# WAGO 750-8204 PFC200 CS 2ETH RS CAN Codesys 2.3.9.44 - Einloggen Problem



## sadik (2 Dezember 2015)

Hallo

Ich kann mit der Version von Codesys 2.3.9.44 (Build Apr. 2014) nicht mit Wago 750-8204 PFC200 CS 2ETH RS CAN einloggen und bekomme den Fehler "Das gewählte Steuerungsprofil entspricht nicht dem Zielsystems!
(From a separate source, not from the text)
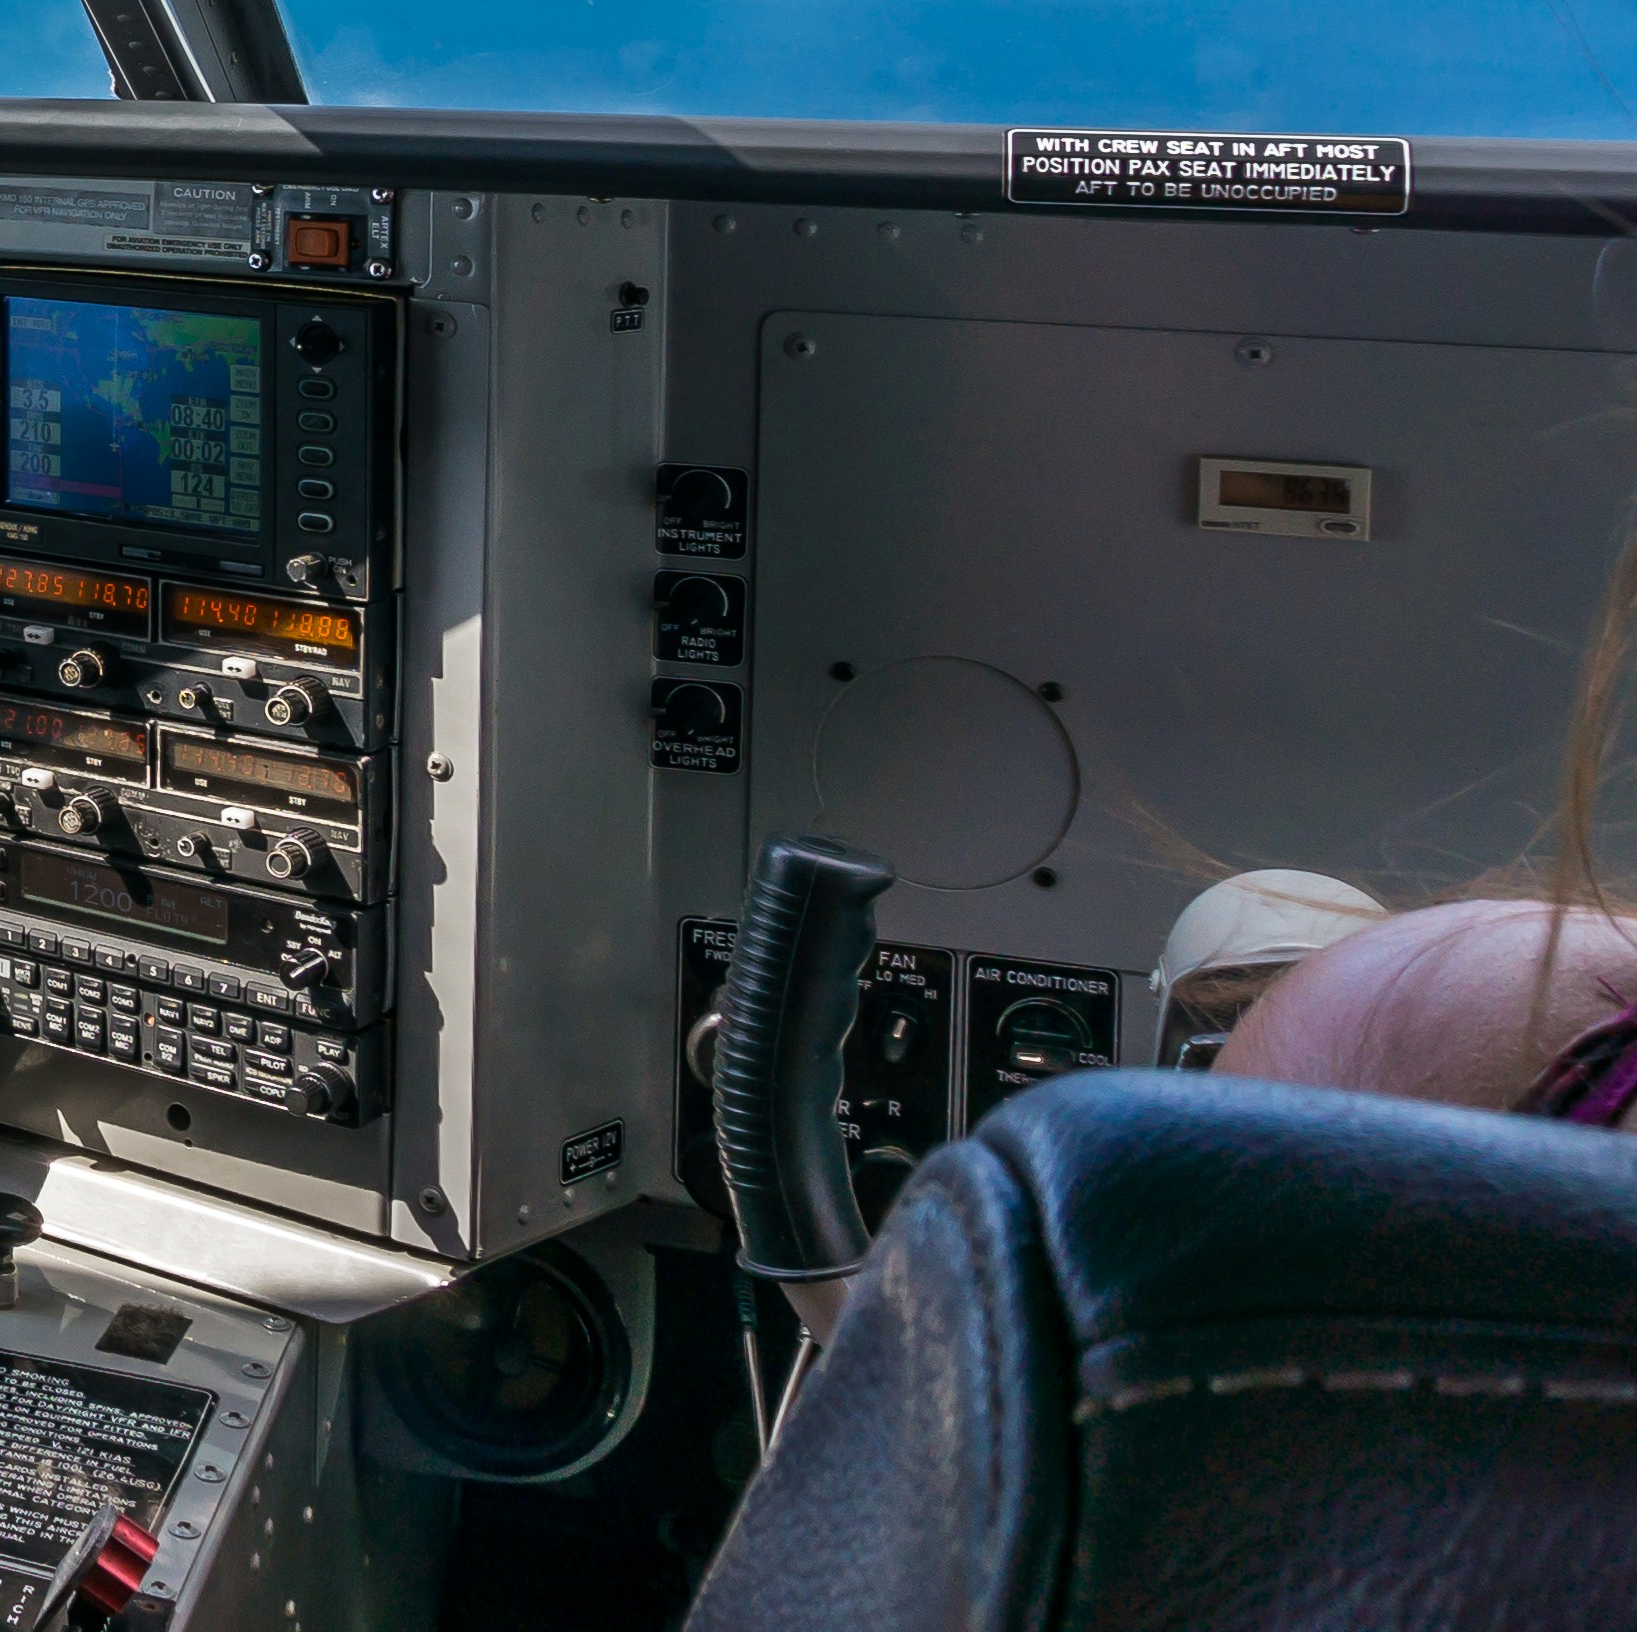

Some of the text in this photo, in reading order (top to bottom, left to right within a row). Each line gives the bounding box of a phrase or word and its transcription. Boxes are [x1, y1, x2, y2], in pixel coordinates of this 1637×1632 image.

Die Verbindung wird abgebrochen". 
Die Firmware Version ist laut WBM:
           Firmware Revision:

           02.02.20(03)



Die Klemmen und die Netzwerkverbindung zu Wago sind korrekt, d.h ich kann die Wago über WBM und ssh ansprechen und auch die Diagnostic Anzeige ist in Ordnung.

Gruß


----------



## .:WAGO::016346:. (2 Dezember 2015)

Hallo Sadik,

ab der Firmware Version 03 des PFC200 ist ein neues Target notwendig.

Bitte frage entweder über www.wago.de oder Support@wago.com die aktuelle CoDeSys Version 2.3.9.47 an.


Grüße


----------